Exercise requirements: When you reach the line containing "this 1824×1824 image.", begin copying exactly, and keep going through the last line of the records below, copying nothing before it.

Stored data entries:
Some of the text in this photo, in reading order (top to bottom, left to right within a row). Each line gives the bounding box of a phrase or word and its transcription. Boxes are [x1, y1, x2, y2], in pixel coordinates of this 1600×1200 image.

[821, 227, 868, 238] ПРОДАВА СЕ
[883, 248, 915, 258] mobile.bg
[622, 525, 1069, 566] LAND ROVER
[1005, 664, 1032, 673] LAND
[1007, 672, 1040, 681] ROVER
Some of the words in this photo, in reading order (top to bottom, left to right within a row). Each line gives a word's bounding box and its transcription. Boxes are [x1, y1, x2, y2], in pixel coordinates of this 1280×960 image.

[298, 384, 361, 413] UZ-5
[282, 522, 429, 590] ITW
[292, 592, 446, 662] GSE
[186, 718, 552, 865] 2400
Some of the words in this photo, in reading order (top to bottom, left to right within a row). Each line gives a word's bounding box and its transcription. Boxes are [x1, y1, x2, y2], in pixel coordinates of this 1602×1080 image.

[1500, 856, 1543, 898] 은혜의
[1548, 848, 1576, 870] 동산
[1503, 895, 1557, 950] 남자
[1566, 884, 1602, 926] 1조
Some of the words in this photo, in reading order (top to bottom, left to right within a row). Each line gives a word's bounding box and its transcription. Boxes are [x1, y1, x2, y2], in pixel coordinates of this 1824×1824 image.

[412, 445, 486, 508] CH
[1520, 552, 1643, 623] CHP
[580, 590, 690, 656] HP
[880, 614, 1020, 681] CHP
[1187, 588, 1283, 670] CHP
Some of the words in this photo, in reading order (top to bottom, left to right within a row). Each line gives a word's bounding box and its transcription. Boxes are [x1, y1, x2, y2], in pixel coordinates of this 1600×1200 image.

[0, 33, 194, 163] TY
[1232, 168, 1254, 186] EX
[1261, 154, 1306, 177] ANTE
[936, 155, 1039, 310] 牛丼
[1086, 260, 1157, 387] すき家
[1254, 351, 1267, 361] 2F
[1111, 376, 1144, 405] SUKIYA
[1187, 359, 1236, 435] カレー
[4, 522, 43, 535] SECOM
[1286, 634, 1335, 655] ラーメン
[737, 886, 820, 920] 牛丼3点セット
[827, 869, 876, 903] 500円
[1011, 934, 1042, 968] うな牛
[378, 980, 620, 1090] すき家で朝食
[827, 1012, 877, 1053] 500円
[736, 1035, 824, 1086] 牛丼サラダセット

Answer to this task:
Some of the words in this photo, in reading order (top to bottom, left to right within a row). Each line gives a word's bounding box and its transcription. Boxes are [x1, y1, x2, y2], in pixel coordinates of this 1824×1824 image.

[412, 445, 486, 508] CH
[1520, 552, 1643, 623] CHP
[580, 590, 690, 656] HP
[880, 614, 1020, 681] CHP
[1187, 588, 1283, 670] CHP
Some of the words in this photo, in reading order (top to bottom, left to right within a row). Each line gives a word's bounding box and its transcription. Boxes are [x1, y1, x2, y2], in pixel coordinates of this 1600×1200 image.

[0, 33, 194, 163] TY
[1232, 168, 1254, 186] EX
[1261, 154, 1306, 177] ANTE
[936, 155, 1039, 310] 牛丼
[1086, 260, 1157, 387] すき家
[1254, 351, 1267, 361] 2F
[1111, 376, 1144, 405] SUKIYA
[1187, 359, 1236, 435] カレー
[4, 522, 43, 535] SECOM
[1286, 634, 1335, 655] ラーメン
[737, 886, 820, 920] 牛丼3点セット
[827, 869, 876, 903] 500円
[1011, 934, 1042, 968] うな牛
[378, 980, 620, 1090] すき家で朝食
[827, 1012, 877, 1053] 500円
[736, 1035, 824, 1086] 牛丼サラダセット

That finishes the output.